■ **ACTION ITEM**
Could you return every record below exactly as it is written?
==== SOURCE INFORMATION
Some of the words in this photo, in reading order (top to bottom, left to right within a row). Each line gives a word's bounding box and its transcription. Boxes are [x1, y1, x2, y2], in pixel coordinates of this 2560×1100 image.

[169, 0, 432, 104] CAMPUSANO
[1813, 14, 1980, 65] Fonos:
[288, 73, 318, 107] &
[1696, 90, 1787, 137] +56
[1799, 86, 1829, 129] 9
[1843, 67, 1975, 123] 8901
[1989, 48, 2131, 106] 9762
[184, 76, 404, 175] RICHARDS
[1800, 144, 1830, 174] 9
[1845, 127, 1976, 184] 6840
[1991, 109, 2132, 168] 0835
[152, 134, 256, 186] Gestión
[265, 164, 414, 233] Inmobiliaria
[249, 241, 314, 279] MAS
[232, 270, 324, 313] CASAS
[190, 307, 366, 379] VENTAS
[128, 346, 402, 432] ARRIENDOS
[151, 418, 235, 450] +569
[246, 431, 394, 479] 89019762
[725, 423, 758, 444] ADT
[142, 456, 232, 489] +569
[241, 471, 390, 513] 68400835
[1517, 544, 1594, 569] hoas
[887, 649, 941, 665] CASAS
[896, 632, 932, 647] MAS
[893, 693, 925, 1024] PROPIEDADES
========
■ **SOLUTION FOR THIS TASK**
Some of the words in this photo, in reading order (top to bottom, left to right within a row). Each line gives a word's bounding box and its transcription. Boxes are [x1, y1, x2, y2], in pixel coordinates of this 2560×1100 image.

[169, 0, 432, 104] CAMPUSANO
[1813, 14, 1980, 65] Fonos:
[288, 73, 318, 107] &
[1696, 90, 1787, 137] +56
[1799, 86, 1829, 129] 9
[1843, 67, 1975, 123] 8901
[1989, 48, 2131, 106] 9762
[184, 76, 404, 175] RICHARDS
[1800, 144, 1830, 174] 9
[1845, 127, 1976, 184] 6840
[1991, 109, 2132, 168] 0835
[152, 134, 256, 186] Gestión
[265, 164, 414, 233] Inmobiliaria
[249, 241, 314, 279] MAS
[232, 270, 324, 313] CASAS
[190, 307, 366, 379] VENTAS
[128, 346, 402, 432] ARRIENDOS
[151, 418, 235, 450] +569
[246, 431, 394, 479] 89019762
[725, 423, 758, 444] ADT
[142, 456, 232, 489] +569
[241, 471, 390, 513] 68400835
[1517, 544, 1594, 569] hoas
[887, 649, 941, 665] CASAS
[896, 632, 932, 647] MAS
[893, 693, 925, 1024] PROPIEDADES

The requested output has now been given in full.